• [TASK BRIEF] Repeat the records exactly. Leave out the pictures.

• [DATA TO PROCESS]
--- START ---

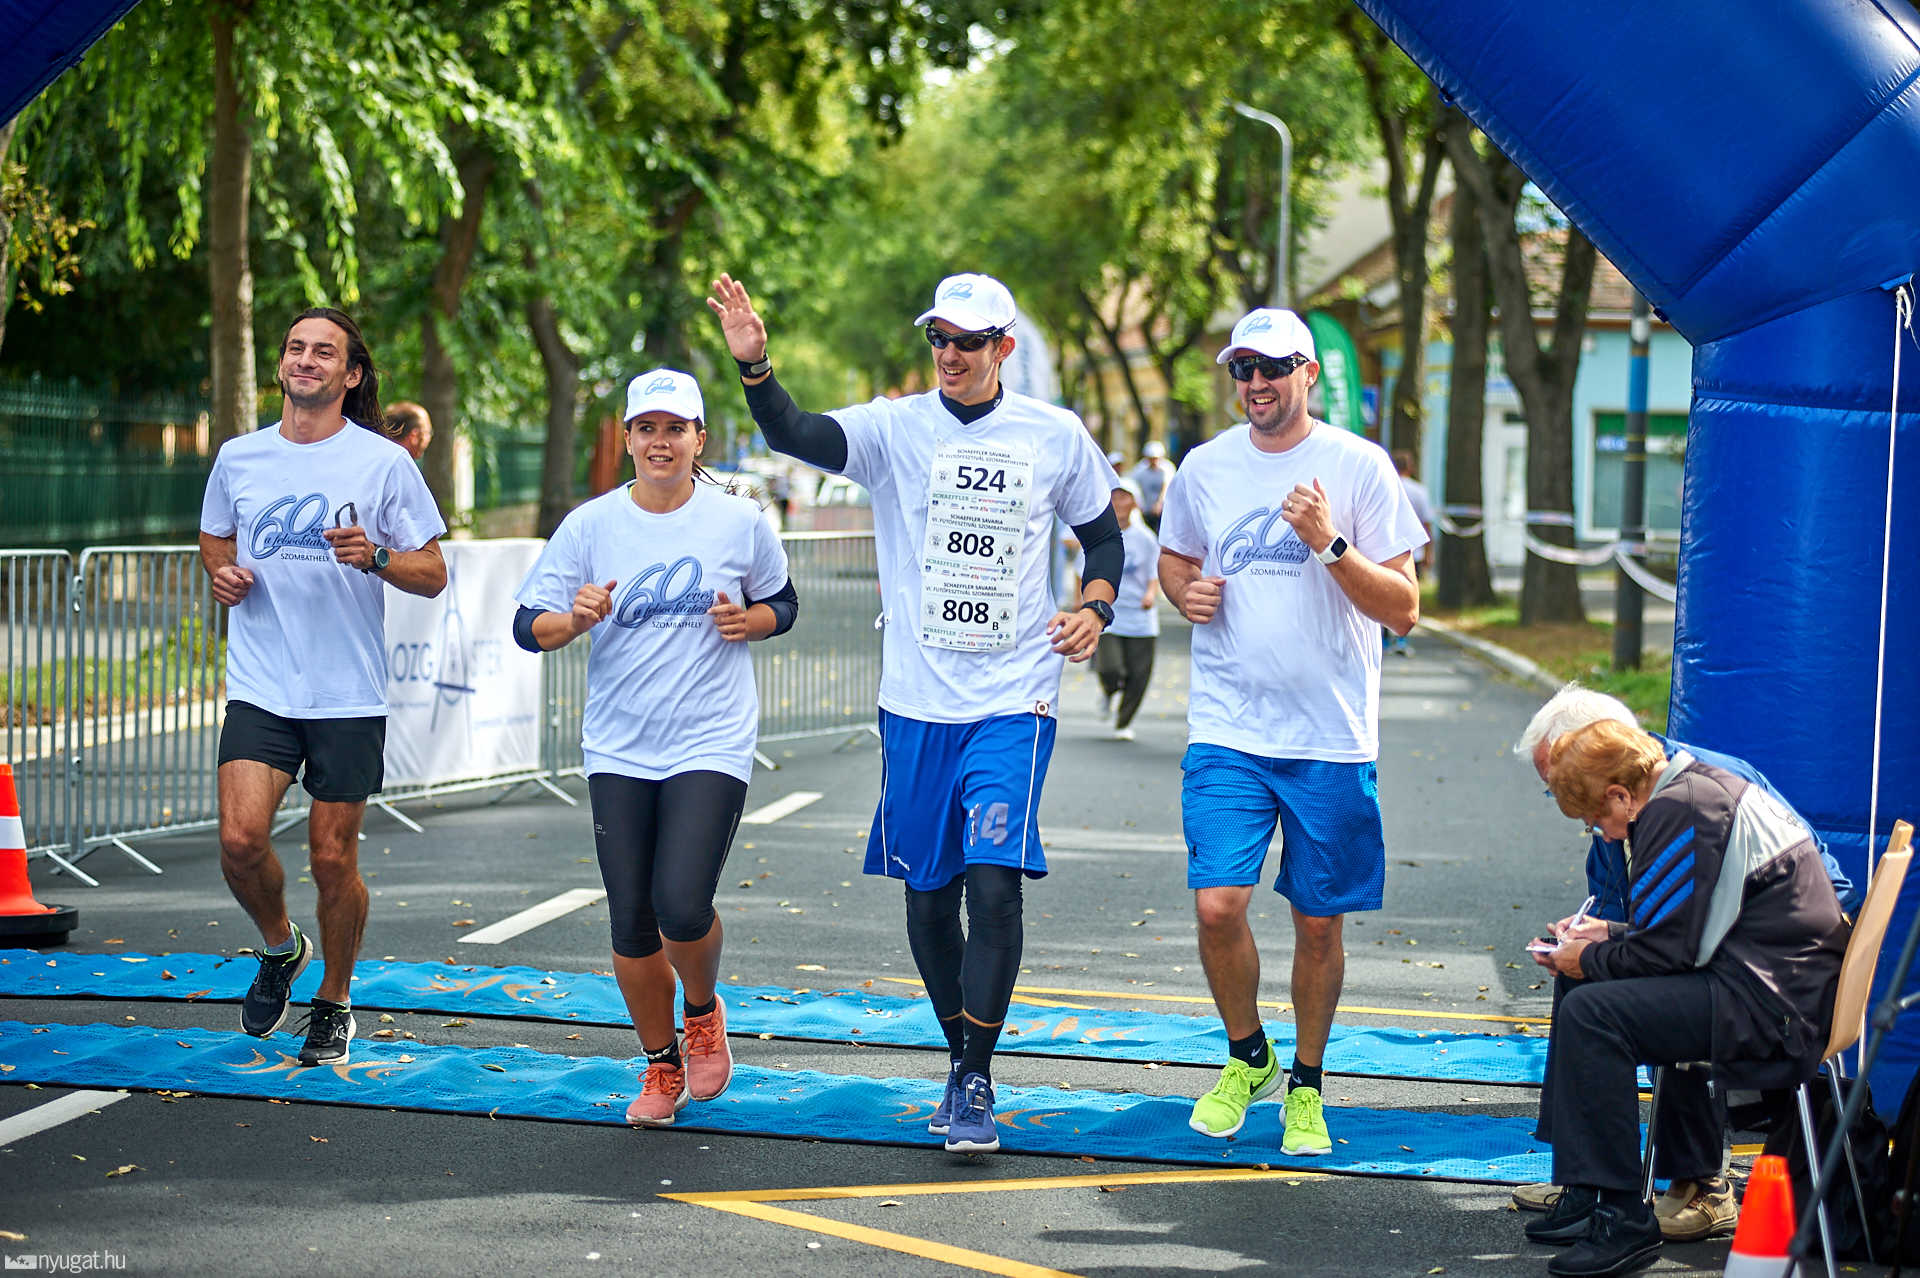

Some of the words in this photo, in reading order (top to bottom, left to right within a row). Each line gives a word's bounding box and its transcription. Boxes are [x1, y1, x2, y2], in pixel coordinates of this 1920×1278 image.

[956, 465, 1006, 493] 524
[950, 513, 981, 523] SCHAEFFLER
[982, 517, 1004, 525] SAVARIA
[248, 492, 329, 559] 60
[947, 531, 995, 557] 808
[280, 552, 329, 562] SZOMBATHELY
[996, 556, 1004, 566] A
[1250, 568, 1301, 577] SZOMBATHELY
[943, 582, 974, 590] SCHAEFFLER
[612, 556, 702, 628] 60
[942, 599, 989, 624] 808
[652, 621, 703, 629] SZOMBATHELY
[992, 621, 999, 631] B
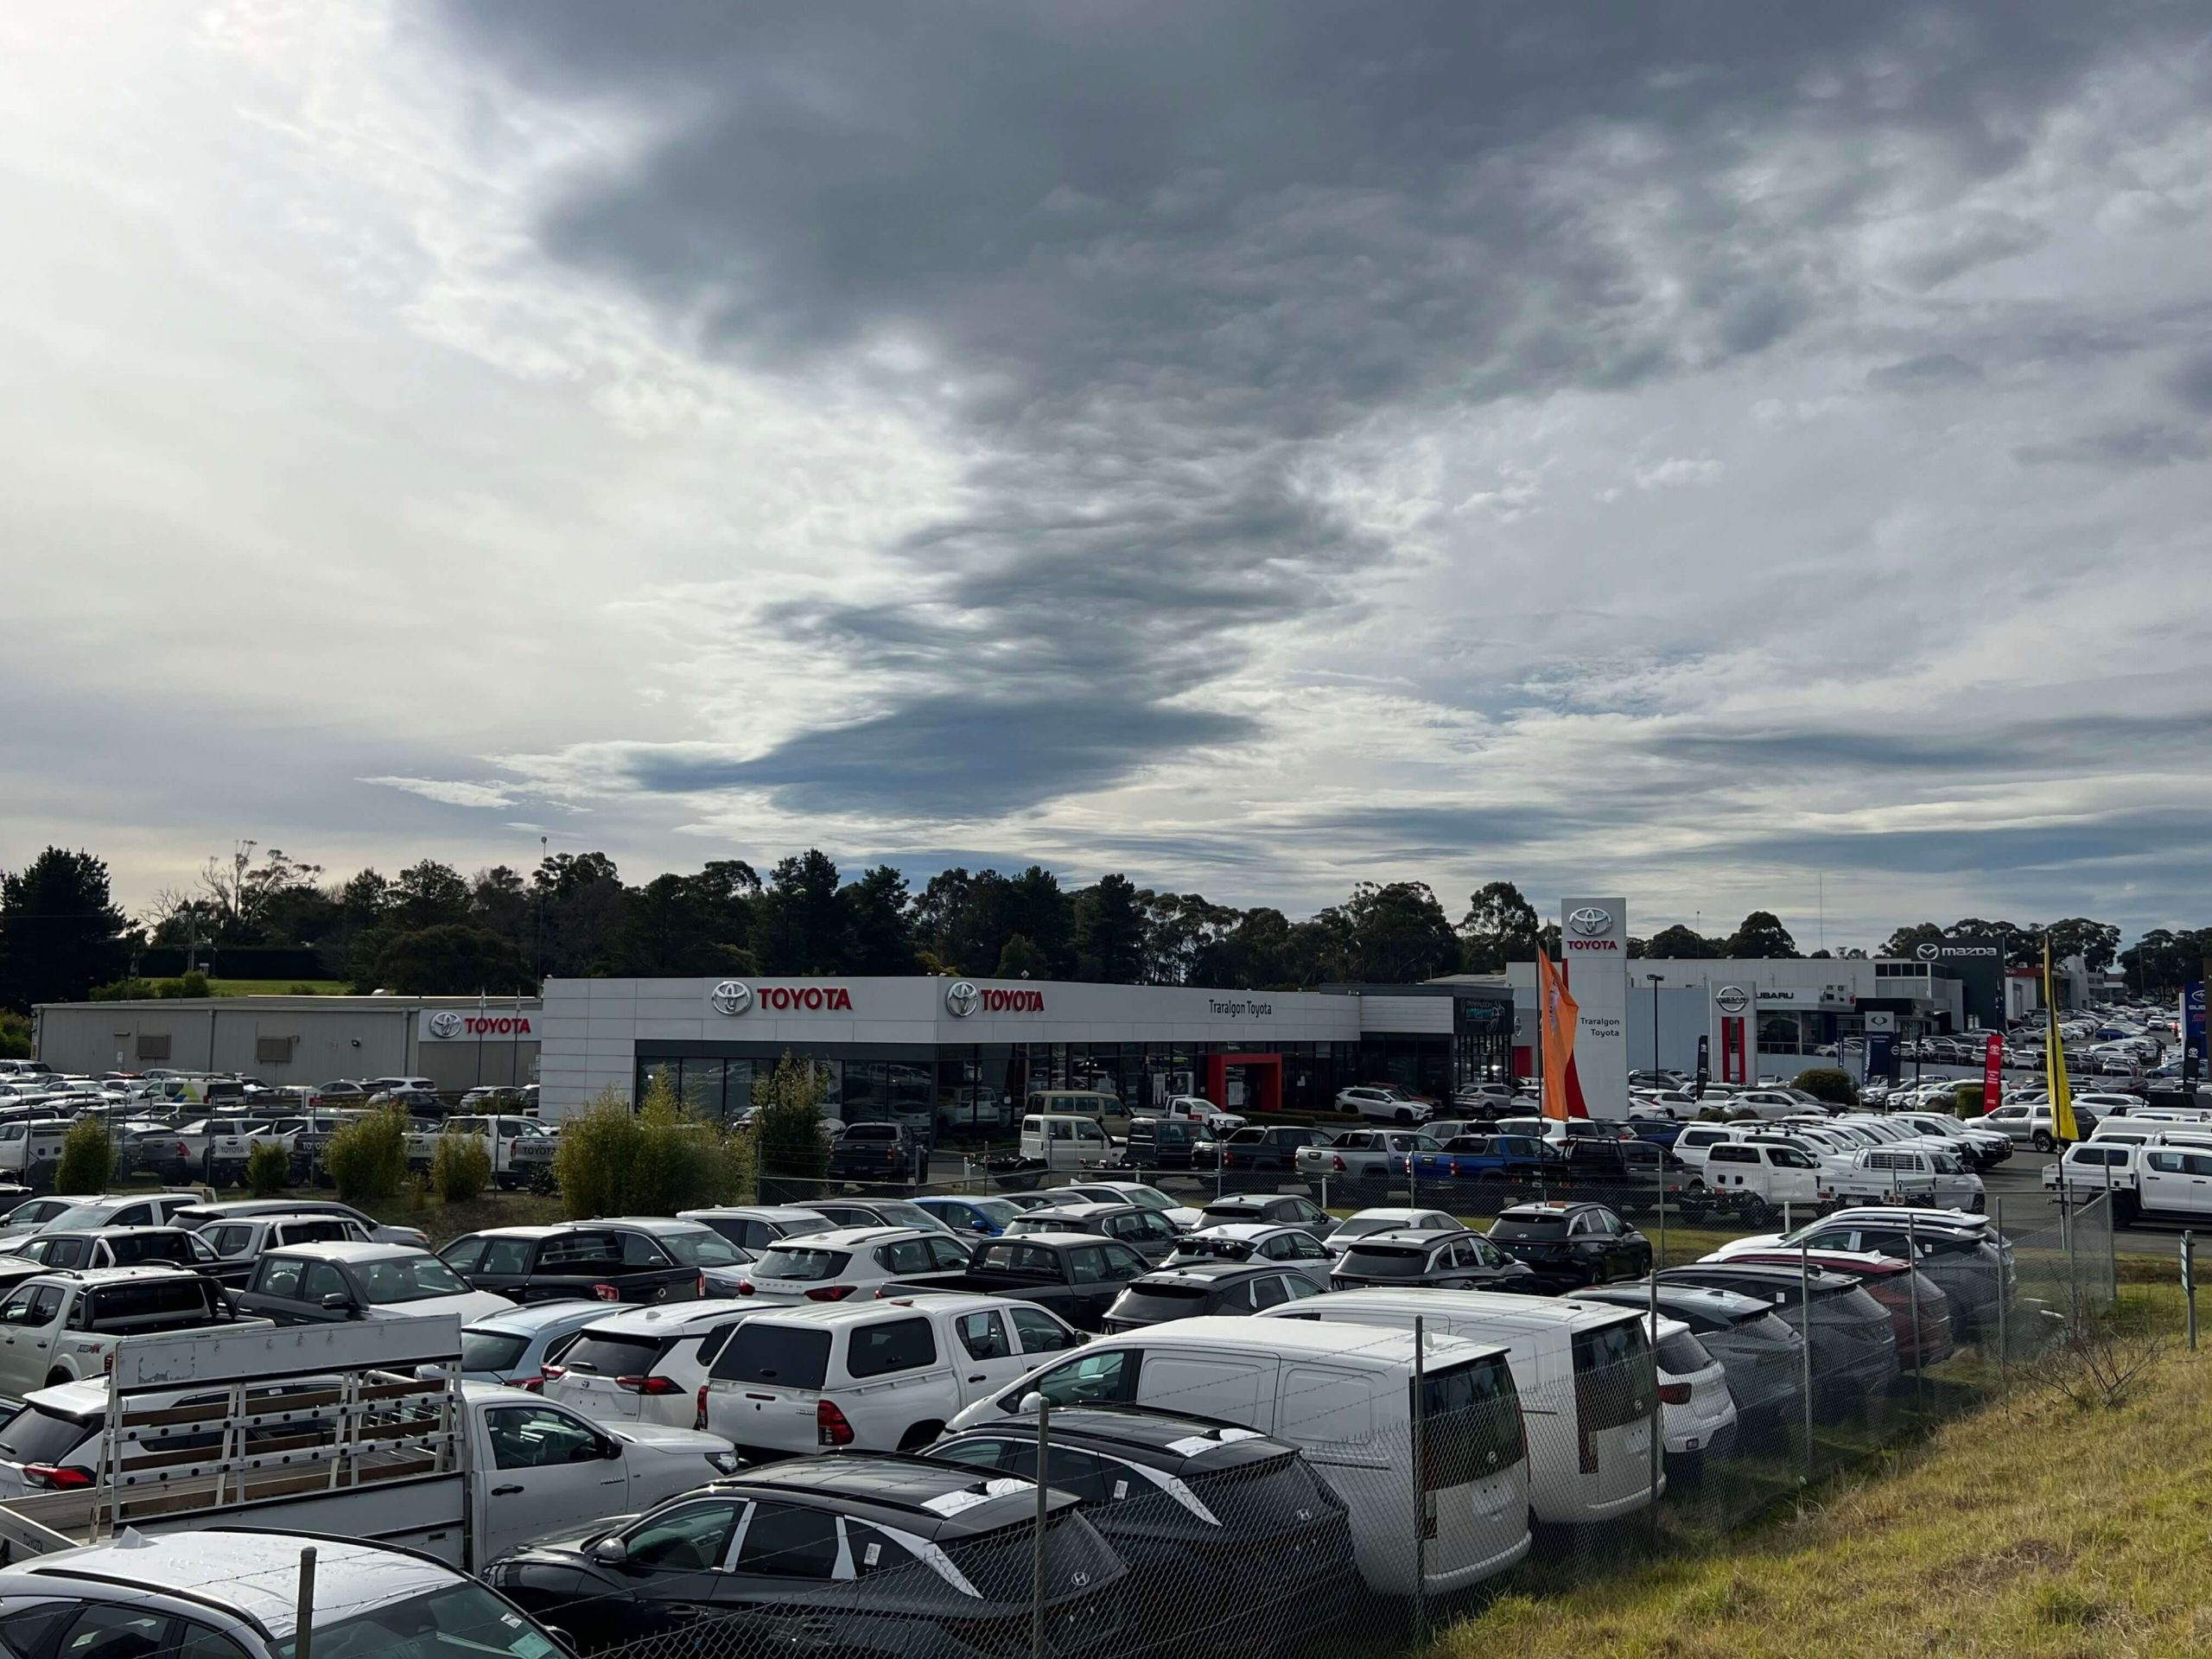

--- END ---

• [EXERCISE RESPONSE]
Some of the words in this photo, in reading order (top to bottom, left to right within a row). Each line gives a word's bounding box and its transcription. Boxes are [x1, y1, x2, y2], in pixel coordinates of this 1920×1278 image.

[956, 465, 1006, 493] 524
[950, 513, 981, 523] SCHAEFFLER
[982, 517, 1004, 525] SAVARIA
[248, 492, 329, 559] 60
[947, 531, 995, 557] 808
[280, 552, 329, 562] SZOMBATHELY
[996, 556, 1004, 566] A
[1250, 568, 1301, 577] SZOMBATHELY
[943, 582, 974, 590] SCHAEFFLER
[612, 556, 702, 628] 60
[942, 599, 989, 624] 808
[652, 621, 703, 629] SZOMBATHELY
[992, 621, 999, 631] B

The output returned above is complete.